The Delhi government argues that the city's men cannot hold their drink and that is why it is unsafe to allow women bartenders in pubs and restaurants.

The government cited several examples, including the killing of the model Jessica Lal, in 1999.

She was shot dead by a group of men at a restaurant after she allegedly refused to serve them drinks.

Delhi has a very high crime rate, but not many are buying the government's argument in this context.

"The men in this city are as good or bad as men anywhere else in the world. There are female bartenders everywhere in the world so the government's argument does not seem justified," said social commentator Kamna Prasad.

Lifestyle commentator Suhel Seth held similar views.

"I think it is silly - this is a government which can't basically enforce law and order and wants to create gender division by saying that Delhi men can't hold their drinks. It defeats logic and intelligence," he said.

The government is supporting a public-interest petition filed by five concerned Delhi residents in the Supreme Court last year who want the ban on female bartenders to continue.

The petitioners have said Delhi is a "rogue city", and not mature enough to have pubs and bars with women bartenders.

Story from BBC NEWS: http://news.bbc.co.uk/go/pr/fr/-/2/hi/south_asia/6958879.stm Published: 2007/08/22 16:47:37 GMT © BBC MMVII


How is it that in a democratic country like India the victim gets slapped with a 'ban' and the wrongdoer goes about his life unaffected? The next thing you know is that the woman in India is forced to go into purdah to hide her body so that a frustrated and desperate male does not physically assault her!

19 comments:

kinkminos said...

at least in delhi men can serve drinks to women (i assume) (that's a crude attempt at humour). back home it's not allowed either way.

the whole thing does sound like mismanagement of the issue, sweeping the real problem under the carpet, so to speak, in a typically misogynistic, male chauvinistic manner.

the delhi administration seems to be saying that this whole bar/drinking/partying thing is a sordid affair and women (whose real place is in the home) shouldn't be found at these place of ill-repute.

dirty minds think dirty.

D said...

Well, to hold a view on the real situation of Delhi...you've to be in the city. India is a land of extremes and Delhi is no exemption. There are thousand of cases such as Jessica Lal, which are unheard of.
People can't hold their drink...will say that's true for all over the world. (though am not any close to be labelled a globetrotter).
So what to do? Ban them or not? I don't know...women get eve-teased everyday and I come across some who fight back. How many will lose their lives or will they being 'martyred' bring a change...I don't knw. I knw for sure that SC (Supreme Court) is the only body in the Indian mechanism which has been known to fair....let's hope for best.

Id it is said...

d,
I seriously hope the women in India are going to protest this vociferously.

How do we know said...

he he!

How do we know said...

Sorry.. that was not to make the whole thing sound flippant. Its a very stupid idea,but reminds me of another parallel.

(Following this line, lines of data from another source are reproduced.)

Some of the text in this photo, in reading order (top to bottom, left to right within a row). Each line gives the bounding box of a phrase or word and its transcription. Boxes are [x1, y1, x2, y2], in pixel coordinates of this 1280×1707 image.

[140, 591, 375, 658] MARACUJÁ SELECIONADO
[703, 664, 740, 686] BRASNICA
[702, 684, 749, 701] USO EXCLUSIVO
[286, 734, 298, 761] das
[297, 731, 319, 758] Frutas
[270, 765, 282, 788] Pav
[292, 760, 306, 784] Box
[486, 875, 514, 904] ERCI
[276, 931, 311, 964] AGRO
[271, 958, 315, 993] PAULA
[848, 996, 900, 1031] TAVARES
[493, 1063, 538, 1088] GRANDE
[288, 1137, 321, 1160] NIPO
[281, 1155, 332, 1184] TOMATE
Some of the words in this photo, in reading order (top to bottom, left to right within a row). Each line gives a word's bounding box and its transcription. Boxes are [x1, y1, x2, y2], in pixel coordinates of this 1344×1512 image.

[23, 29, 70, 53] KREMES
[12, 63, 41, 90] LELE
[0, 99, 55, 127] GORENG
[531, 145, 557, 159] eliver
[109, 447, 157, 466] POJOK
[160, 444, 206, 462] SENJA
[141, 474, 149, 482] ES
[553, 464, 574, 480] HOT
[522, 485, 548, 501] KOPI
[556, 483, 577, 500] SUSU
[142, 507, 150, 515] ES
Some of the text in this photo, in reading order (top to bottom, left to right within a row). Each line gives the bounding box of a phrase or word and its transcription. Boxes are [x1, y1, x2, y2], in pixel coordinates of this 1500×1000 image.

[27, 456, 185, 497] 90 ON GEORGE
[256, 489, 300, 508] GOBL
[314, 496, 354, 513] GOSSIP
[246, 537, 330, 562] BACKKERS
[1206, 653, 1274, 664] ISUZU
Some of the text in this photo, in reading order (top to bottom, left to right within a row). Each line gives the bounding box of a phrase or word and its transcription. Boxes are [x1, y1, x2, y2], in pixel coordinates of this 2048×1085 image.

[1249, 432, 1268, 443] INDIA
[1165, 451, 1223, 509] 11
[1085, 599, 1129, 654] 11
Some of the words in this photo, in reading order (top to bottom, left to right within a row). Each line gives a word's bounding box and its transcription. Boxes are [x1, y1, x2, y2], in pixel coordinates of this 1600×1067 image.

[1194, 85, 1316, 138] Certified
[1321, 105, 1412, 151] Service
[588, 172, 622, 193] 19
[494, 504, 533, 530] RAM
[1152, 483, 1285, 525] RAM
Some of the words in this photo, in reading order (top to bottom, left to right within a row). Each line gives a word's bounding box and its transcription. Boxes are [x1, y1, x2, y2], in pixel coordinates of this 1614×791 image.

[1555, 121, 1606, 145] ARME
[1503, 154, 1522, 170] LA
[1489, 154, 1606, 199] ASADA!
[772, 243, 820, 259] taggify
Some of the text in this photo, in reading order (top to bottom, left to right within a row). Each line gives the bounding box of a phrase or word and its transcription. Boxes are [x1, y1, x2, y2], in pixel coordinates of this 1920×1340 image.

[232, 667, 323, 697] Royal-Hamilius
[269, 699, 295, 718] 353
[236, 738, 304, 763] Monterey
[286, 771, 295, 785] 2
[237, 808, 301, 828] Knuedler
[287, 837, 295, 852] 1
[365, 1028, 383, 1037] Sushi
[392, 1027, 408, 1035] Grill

In delhi, the cycle wallah is careful, and the blue lines, rogues though they may be, rule the road.

Pretty much a case of power winning - literally.No wonder they have all the politicians in this city.

lash said...

i am a little too busy to comment now. will do that in a day or two... i just read this book called goodbye mr. chips by john hilton.. a short read.. one of the most beautifully written books i must say, something as refinely narrated as 'great expectations'..
check that out.. and currently i am reading another short read called 'woodworm' whioch is an english translation of a bengali novel.. i am totally amused by the kind of allegory used in the book.. so much of meaning in the frailest of plots.. i am not sure if you can find it there but try. I would like to know how you would feel abt both these books.. thanks

Sharique said...

I agree with D here. The situation is not that simple and it is definitely not female subjugation. And plus one cannot compare the situation in west to India.

Raza Rumi said...

A complex situation indeed where an ideal application of equality before the law is an imperative but where social and cultural atitudes are still crawling towards modernity..

Id it is said...

raza,
So true!
However, can you see a possible and practical alternative to replace the ludicrous 'ban'?

eshuneutics said...

As a principle, this is patriarchy undressed. Men can't control themselves, so women must be controlled...to protect them...to spare men...or both? Just don't ask men to sort themselves out!

Lotus Reads said...

I completely agree with eshuneutics... it's akin to saying, men can't control their lust so make it mandatory for women to cover their hair and faces. Next they'll enforce a ban on stewardesses from flying to or from Delhi (don't they serve liquor too?)

starry nights said...

I think there should not be a ban.I think there are so many male bartenders assaulted also when people get drunk. I think the best thing to do is to stop serving drinks to men who are over drinking and not behaving.

Raza Rumi said...

An unfair law has to go, there is no question about it. However, the complexity of the situation would need more than one solution. I think in certain places where the threat of physical harm is least likely, women should start with this job at once. This would create visibility and gradually all bars can have women.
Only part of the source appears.